DATA UNDER STUDY:
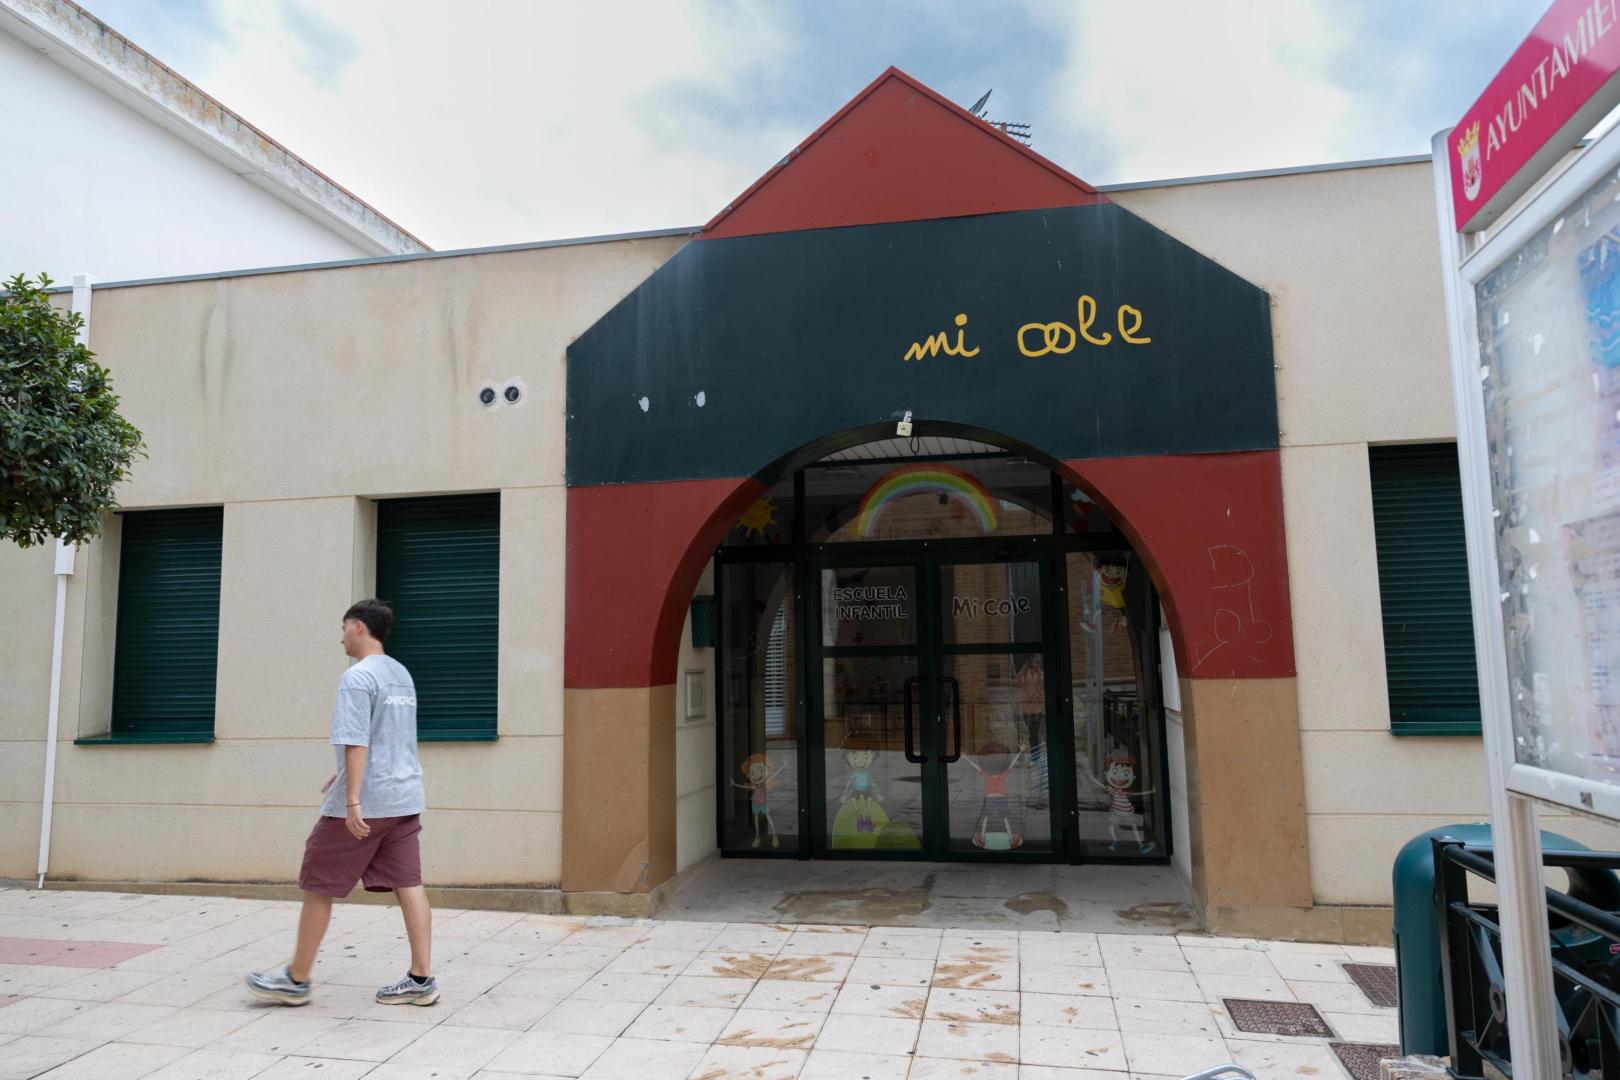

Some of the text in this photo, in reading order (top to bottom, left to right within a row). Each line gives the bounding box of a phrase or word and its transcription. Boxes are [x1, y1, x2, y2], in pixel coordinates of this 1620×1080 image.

[904, 313, 981, 361] mi
[833, 586, 907, 601] ESCUELA
[835, 604, 908, 620] INFANTIL
[952, 596, 978, 618] Mi
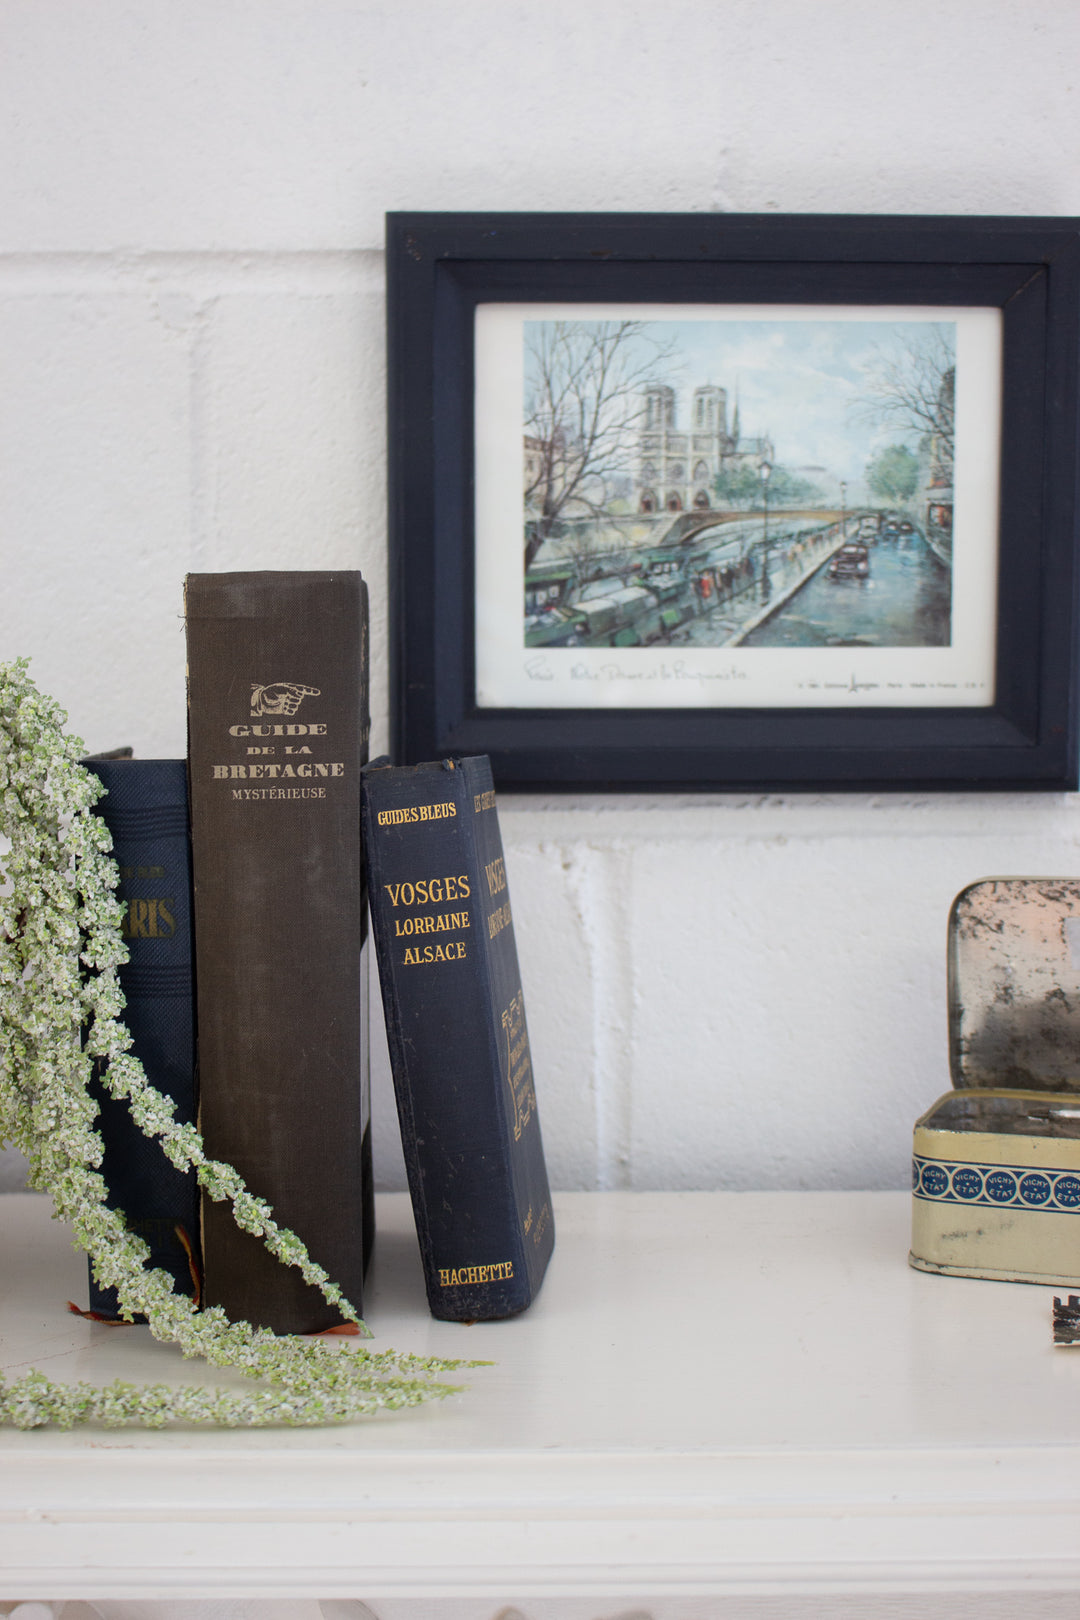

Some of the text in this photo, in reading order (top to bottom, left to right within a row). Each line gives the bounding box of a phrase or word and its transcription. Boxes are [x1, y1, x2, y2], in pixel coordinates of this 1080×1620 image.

WHAT YOU HAVE TO DO: A verbatim copy of the entries, stripped of pictures, should be produced.

TASK OUTPUT:
Some of the text in this photo, in reading order (top to bottom, left to right within a row). Each line gives the bounding box of a phrase or word and its transcription. Boxes are [x1, y1, x2, y2], in pixel coordinates of this 1620×1080 image.

[904, 313, 981, 361] mi
[833, 586, 907, 601] ESCUELA
[835, 604, 908, 620] INFANTIL
[952, 596, 978, 618] Mi

Some of the text in this photo, in reading order (top to bottom, left to right within a row). Each line gives the bounding box of a phrase or word and its transcription. Boxes are [x1, y1, x2, y2], in pixel coordinates of this 1080×1620 image.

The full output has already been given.